Coronavirus Pandemic Accelerated Use of Tap-to-Pay

Coronavirus Pandemic Accelerated Use of Tap-to-Pay

After a year of lockdowns, social distancing and contactless transactions, we saw an expected increase in consumer adoption of digital wallets, yet they are still far from displacing traditional credit/debit cards. One reason for this is the fact that current generation credit/debit cards are anything but traditional.

Credit/debit cards with ‘tap to pay’ functionality are becoming more prevalent as card issuers get more advanced cards into the hands of consumers as expiring cards are reissued. The 451 Alliance’s Q1 2021 connected customer survey took a fresh look at tap-to-pay usage among the US population.

The survey found a third (33%) of respondents currently have a contactless tap-to-pay card and use it, a huge 10-point year-over-year increase compared to our Q1 2020 survey.

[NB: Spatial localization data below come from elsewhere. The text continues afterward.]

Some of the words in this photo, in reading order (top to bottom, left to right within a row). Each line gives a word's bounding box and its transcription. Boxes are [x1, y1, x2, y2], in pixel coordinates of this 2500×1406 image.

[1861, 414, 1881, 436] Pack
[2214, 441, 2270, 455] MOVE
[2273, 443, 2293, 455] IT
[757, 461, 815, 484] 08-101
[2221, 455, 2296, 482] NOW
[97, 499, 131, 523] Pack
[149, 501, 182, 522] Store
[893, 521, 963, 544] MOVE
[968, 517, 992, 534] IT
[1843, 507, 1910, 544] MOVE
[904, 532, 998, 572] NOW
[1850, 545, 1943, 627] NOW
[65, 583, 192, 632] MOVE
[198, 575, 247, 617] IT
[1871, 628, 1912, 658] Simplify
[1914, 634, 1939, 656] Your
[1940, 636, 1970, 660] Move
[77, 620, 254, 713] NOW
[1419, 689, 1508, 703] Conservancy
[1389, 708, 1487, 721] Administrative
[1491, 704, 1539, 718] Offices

On a percentage basis, this is one of the sharpest increases in consumer tech usage we’ve tracked so far this year. Clearly, the pandemic had an even bigger impact on tap-to-pay than it did on digital wallets.

Tap-to-Pay Usage
Q. Do you currently have a contactless tap-to-pay card?

In fact, we asked respondents, if both were available, which did they prefer? Almost three quarters (73%) of respondents said they prefer to use contactless cards over a digital wallet. This is a big increase over last year when 54% said they prefer tap-to-pay cards. The focus on contactless transactions during the pandemic, paired with accelerated contactless card issuance, is what helped thrust tap-to-pay cards ahead of digital wallets. For many consumers, the simplicity of still being able to use a traditional form of payment, but now being able to do so without touching the terminal, is a winning formula in terms of the customer experience.

Among respondents who use the tap-to-pay functionality, half (50%) say they use that card more often as a result, while only 9% say less. This is a net 16-point increase over last year, and hints that there is an acceleration in tap-to-pay cards displacing traditional cards and cash in consumers’ wallets. And while we can’t track it directly, the data offers insight into the possibility that tap-to-pay cards account for a larger share of transactions than in our previous survey.

To get at the other side of the ledger, we asked respondents who don’t currently have a contactless tap-to-pay-enabled card, or don’t have a credit/debit card at all, how likely they would be to make tap-to-pay purchases if they did. More respondents from this group said they were very/somewhat likely (41%) to make contactless purchases if they had a tap-to-pay card issued to them than those who said they were very/somewhat unlikely (33%). This shows pent-up demand for these types of cards. All issuers need to do is get them in the hands of consumers to quickly increase overall adoption.

Among this group, almost a quarter (23%) said having a tap-to-pay card would motivate them to use that card more often, compared to 4% who said less. While on the surface these numbers are lower than current users, it’s possibly due to this being an abstraction for these respondents. Once they have cards in hand, it’s plausible their behavior would normalize to align more with the current users group.

Tap-to-Pay Cards: Current Users vs. Non-Users
Q. Do you use your contactless tap-to-pay card more often as a result, less often, or about the same? / If you had a contactless tap-to-pay card, would you use that card more often as a result, less often, or about the same?

Taking a quick look at a potential future, biometric payments are currently being tested. These would use facial, fingerprint and/or iris recognition to validate the authenticity of a transaction. The survey finds a solid base of initial interest with 20% saying they are very likely to try this method, and another 23% say they are somewhat likely. These results are up compared to last year, and highlight the importance of security and consumer interest in more secure transactions.